Problem to solve:
Only the pictures are dropped; the lines of the material that follow are returned exactly.

=======

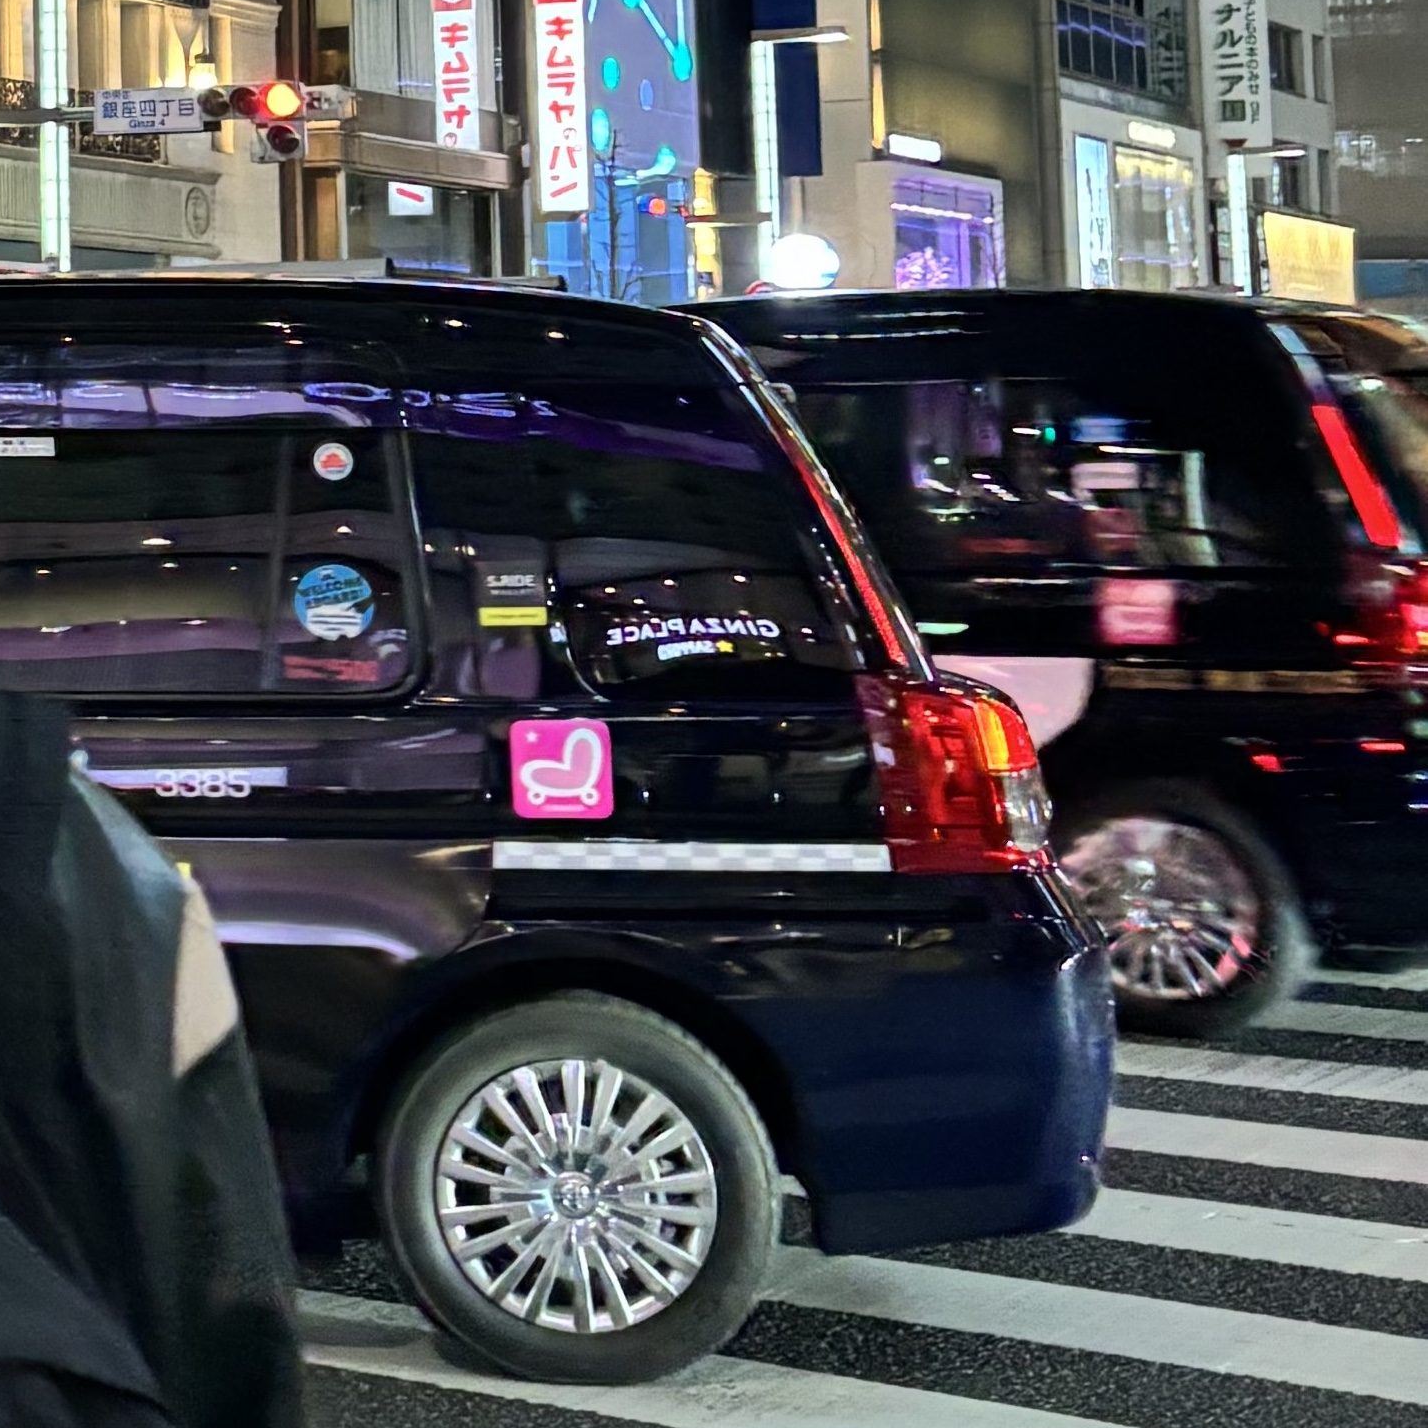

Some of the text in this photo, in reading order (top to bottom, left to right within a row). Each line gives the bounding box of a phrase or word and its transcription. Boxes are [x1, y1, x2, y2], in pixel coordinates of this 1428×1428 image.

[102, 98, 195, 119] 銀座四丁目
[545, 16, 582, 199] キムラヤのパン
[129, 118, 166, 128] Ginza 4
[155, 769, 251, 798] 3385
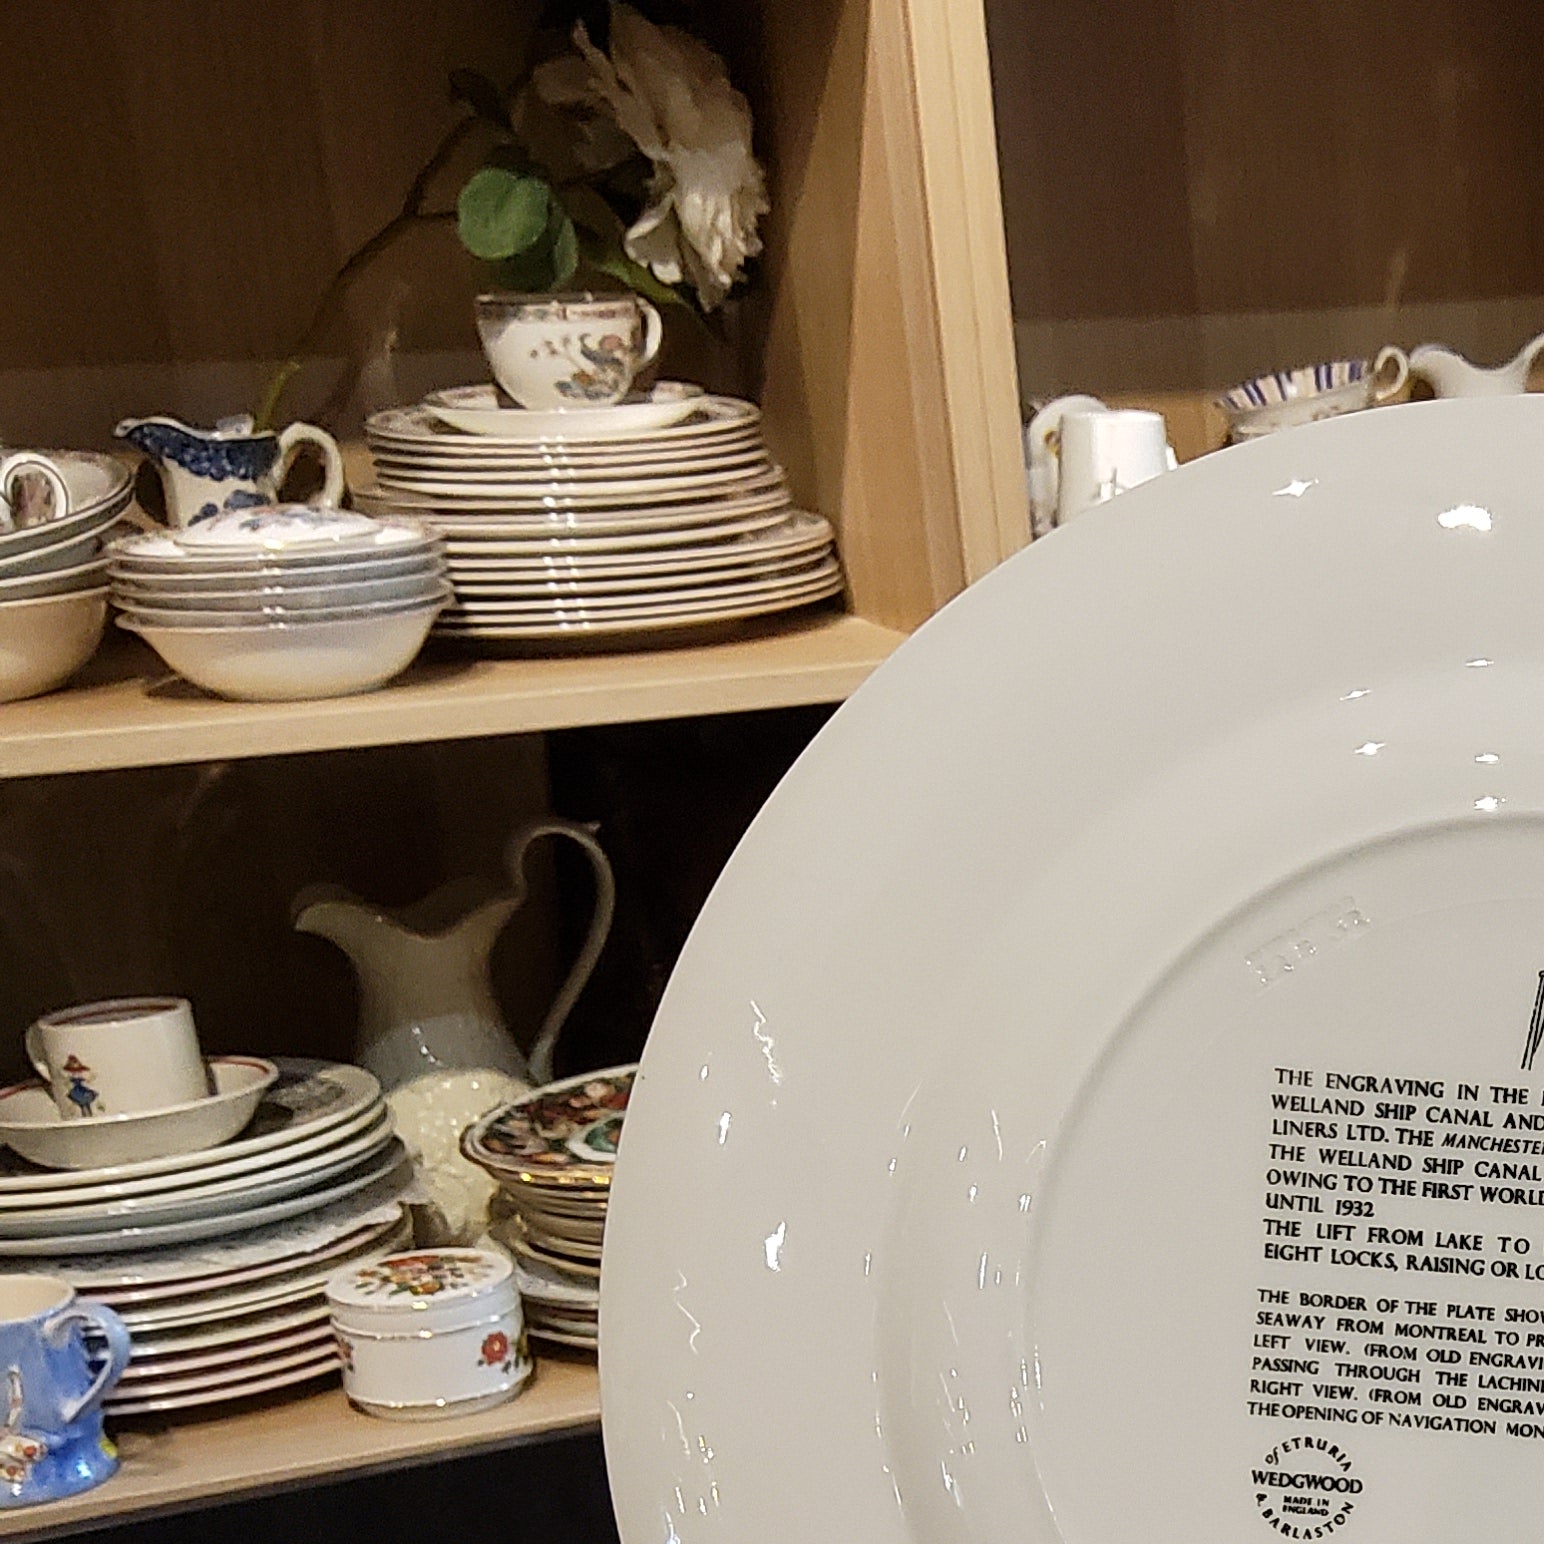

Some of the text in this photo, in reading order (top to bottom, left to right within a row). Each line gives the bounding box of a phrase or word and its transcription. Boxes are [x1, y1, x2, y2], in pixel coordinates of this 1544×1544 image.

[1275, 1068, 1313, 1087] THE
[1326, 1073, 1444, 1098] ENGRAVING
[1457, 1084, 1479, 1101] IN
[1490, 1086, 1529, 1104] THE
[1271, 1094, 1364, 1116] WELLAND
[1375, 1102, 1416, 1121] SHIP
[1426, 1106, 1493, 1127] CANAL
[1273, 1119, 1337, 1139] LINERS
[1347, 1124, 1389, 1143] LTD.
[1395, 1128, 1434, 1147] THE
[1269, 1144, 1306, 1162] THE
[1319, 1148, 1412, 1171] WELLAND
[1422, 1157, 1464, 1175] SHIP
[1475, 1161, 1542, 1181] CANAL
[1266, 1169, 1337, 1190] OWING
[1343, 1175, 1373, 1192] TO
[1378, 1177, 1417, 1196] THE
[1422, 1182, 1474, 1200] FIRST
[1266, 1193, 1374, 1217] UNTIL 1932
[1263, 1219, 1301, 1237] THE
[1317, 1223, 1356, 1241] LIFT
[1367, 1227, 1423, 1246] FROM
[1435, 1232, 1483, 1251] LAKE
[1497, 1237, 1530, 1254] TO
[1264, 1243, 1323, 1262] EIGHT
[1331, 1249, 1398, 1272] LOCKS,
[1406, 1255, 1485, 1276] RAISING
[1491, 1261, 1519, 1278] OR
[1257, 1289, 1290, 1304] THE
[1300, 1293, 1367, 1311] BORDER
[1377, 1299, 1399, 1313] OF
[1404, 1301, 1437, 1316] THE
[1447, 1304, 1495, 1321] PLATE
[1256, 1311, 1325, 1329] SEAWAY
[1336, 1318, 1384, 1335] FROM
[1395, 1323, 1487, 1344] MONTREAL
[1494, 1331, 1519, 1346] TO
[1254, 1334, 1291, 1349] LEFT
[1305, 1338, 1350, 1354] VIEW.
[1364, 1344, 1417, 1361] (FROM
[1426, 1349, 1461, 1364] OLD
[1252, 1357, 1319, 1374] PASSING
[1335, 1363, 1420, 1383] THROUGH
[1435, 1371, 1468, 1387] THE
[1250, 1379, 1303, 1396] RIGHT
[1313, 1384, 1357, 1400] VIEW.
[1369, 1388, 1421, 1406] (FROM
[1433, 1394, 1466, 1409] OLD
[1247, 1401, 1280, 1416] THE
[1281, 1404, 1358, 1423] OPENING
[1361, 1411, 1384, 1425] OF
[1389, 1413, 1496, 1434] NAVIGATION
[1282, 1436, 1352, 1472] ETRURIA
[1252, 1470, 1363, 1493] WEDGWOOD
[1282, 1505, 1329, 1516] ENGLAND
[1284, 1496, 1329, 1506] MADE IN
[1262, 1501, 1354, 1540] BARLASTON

=======

Response to this task:
Some of the text in this photo, in reading order (top to bottom, left to right within a row). Each line gives the bounding box of a phrase or word and its transcription. Boxes are [x1, y1, x2, y2], in pixel coordinates of this 1428×1428 image.

[102, 98, 195, 119] 銀座四丁目
[545, 16, 582, 199] キムラヤのパン
[129, 118, 166, 128] Ginza 4
[155, 769, 251, 798] 3385

Some of the text in this photo, in reading order (top to bottom, left to right within a row). Each line gives the bounding box of a phrase or word and its transcription. Boxes are [x1, y1, x2, y2], in pixel coordinates of this 1544×1544 image.

[1275, 1068, 1313, 1087] THE
[1326, 1073, 1444, 1098] ENGRAVING
[1457, 1084, 1479, 1101] IN
[1490, 1086, 1529, 1104] THE
[1271, 1094, 1364, 1116] WELLAND
[1375, 1102, 1416, 1121] SHIP
[1426, 1106, 1493, 1127] CANAL
[1273, 1119, 1337, 1139] LINERS
[1347, 1124, 1389, 1143] LTD.
[1395, 1128, 1434, 1147] THE
[1269, 1144, 1306, 1162] THE
[1319, 1148, 1412, 1171] WELLAND
[1422, 1157, 1464, 1175] SHIP
[1475, 1161, 1542, 1181] CANAL
[1266, 1169, 1337, 1190] OWING
[1343, 1175, 1373, 1192] TO
[1378, 1177, 1417, 1196] THE
[1422, 1182, 1474, 1200] FIRST
[1266, 1193, 1374, 1217] UNTIL 1932
[1263, 1219, 1301, 1237] THE
[1317, 1223, 1356, 1241] LIFT
[1367, 1227, 1423, 1246] FROM
[1435, 1232, 1483, 1251] LAKE
[1497, 1237, 1530, 1254] TO
[1264, 1243, 1323, 1262] EIGHT
[1331, 1249, 1398, 1272] LOCKS,
[1406, 1255, 1485, 1276] RAISING
[1491, 1261, 1519, 1278] OR
[1257, 1289, 1290, 1304] THE
[1300, 1293, 1367, 1311] BORDER
[1377, 1299, 1399, 1313] OF
[1404, 1301, 1437, 1316] THE
[1447, 1304, 1495, 1321] PLATE
[1256, 1311, 1325, 1329] SEAWAY
[1336, 1318, 1384, 1335] FROM
[1395, 1323, 1487, 1344] MONTREAL
[1494, 1331, 1519, 1346] TO
[1254, 1334, 1291, 1349] LEFT
[1305, 1338, 1350, 1354] VIEW.
[1364, 1344, 1417, 1361] (FROM
[1426, 1349, 1461, 1364] OLD
[1252, 1357, 1319, 1374] PASSING
[1335, 1363, 1420, 1383] THROUGH
[1435, 1371, 1468, 1387] THE
[1250, 1379, 1303, 1396] RIGHT
[1313, 1384, 1357, 1400] VIEW.
[1369, 1388, 1421, 1406] (FROM
[1433, 1394, 1466, 1409] OLD
[1247, 1401, 1280, 1416] THE
[1281, 1404, 1358, 1423] OPENING
[1361, 1411, 1384, 1425] OF
[1389, 1413, 1496, 1434] NAVIGATION
[1282, 1436, 1352, 1472] ETRURIA
[1252, 1470, 1363, 1493] WEDGWOOD
[1282, 1505, 1329, 1516] ENGLAND
[1284, 1496, 1329, 1506] MADE IN
[1262, 1501, 1354, 1540] BARLASTON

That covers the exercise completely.